In Socks Mode is the debut album by American band The Visible Men, released in 2002 on Leisure King Productions.

Overview
The instrumentation of In Socks Mode could be considered minimalist: most of the songs consist solely of piano and bass guitar, with slightly more than half of the tracks featuring light drum accompaniment.

Despite its low-key indie release, In Socks Mode was met with mostly positive reviews.
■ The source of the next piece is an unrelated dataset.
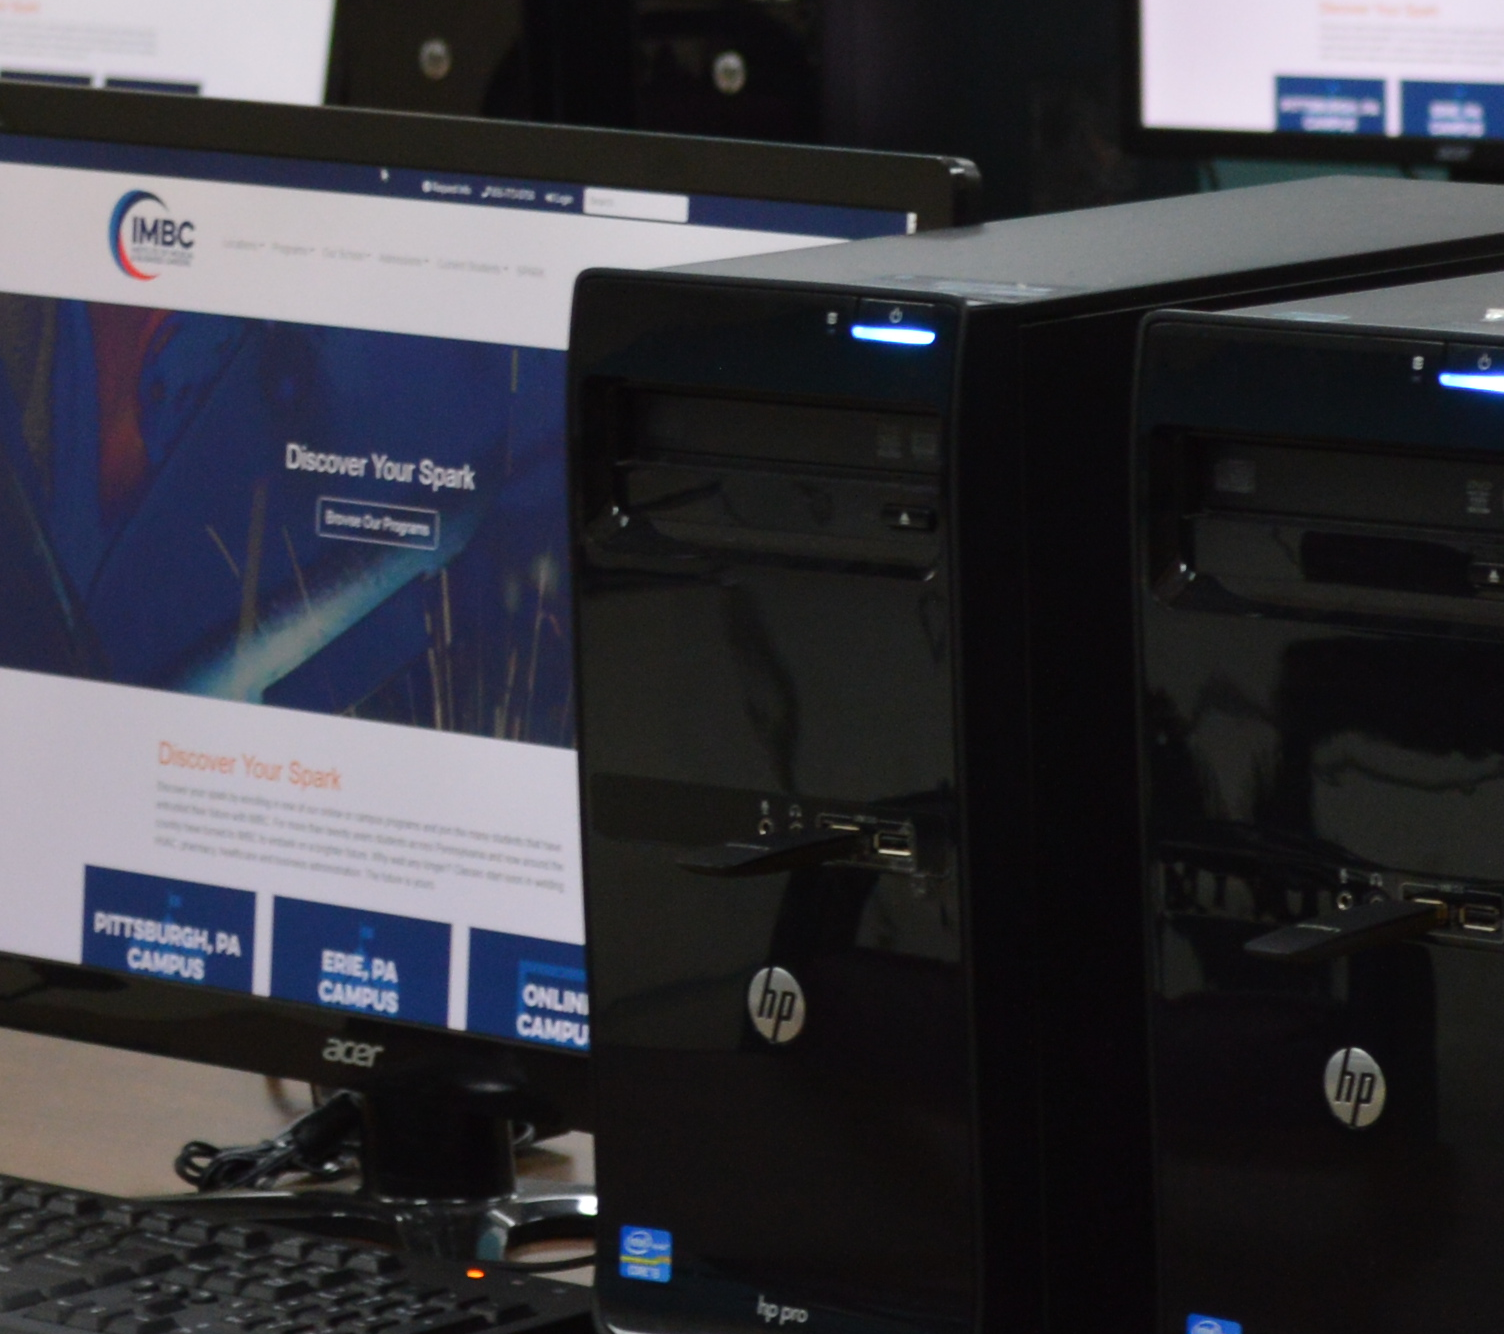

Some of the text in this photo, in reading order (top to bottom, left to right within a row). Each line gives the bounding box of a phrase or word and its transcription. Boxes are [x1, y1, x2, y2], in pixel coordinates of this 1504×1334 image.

In Music We Trust graded it with an "A", calling it "a shining example of pop music that is infectious and laden with hooks, but not overly accessible or simplified for your listening pleasures". Allmusic gave the album a rating of 3/5, praising the "wonderfully accomplished" piano techniques and the "sheer attractiveness" of his melodies, comparing it favorably to the Ben Folds Five, but criticizing the album's often low-brow lyricism.

Track listing
All songs composed by Dustin Lanker, except where otherwise noted.

"Dial Tone" – 3:44
"Core of the Planet" – 4:12
"Blow Shit Up" (Lanker, Dan Schmid) – 3:28
"$90" – 3:20
"Hall of Fame" – 3:09
"Strange Hash" (Lanker, Schmid) – 4:35
"Poker Face" – 2:33
"Semen Factory" – 5:00
"On the Sidelines" – 3:44
"King Shit" – 4:04

Credits

The Visible Men
Dustin Lanker – vocals, keyboards
Dan Schmid – bass
Jordan Glenn – drums (tracks 6, 10)

Additional musicians
Tony Figoli – drums (tracks 2, 4)
Tim Donahue – drums (tracks 1, 5, 8)
Ryan Sumner – drums (track 7)

Production
Produced and mixed by Bill Barnett, J. Scott McLean and The Visible Men at Gung-Ho Studios in Eugene, Oregon
Engineered by Bill Barnett, Don Latarski and Glen Bonney
Mastered by Jim Rusby, Sony Disc Manufacturing - Springfield Oregon
Track 3 recorded by Don Latarski at Crescent Studios in Eugene, Oregon.
Track 5 recorded by Glenn Bonney at Glenn Bonney Recording in Eugene, Oregon.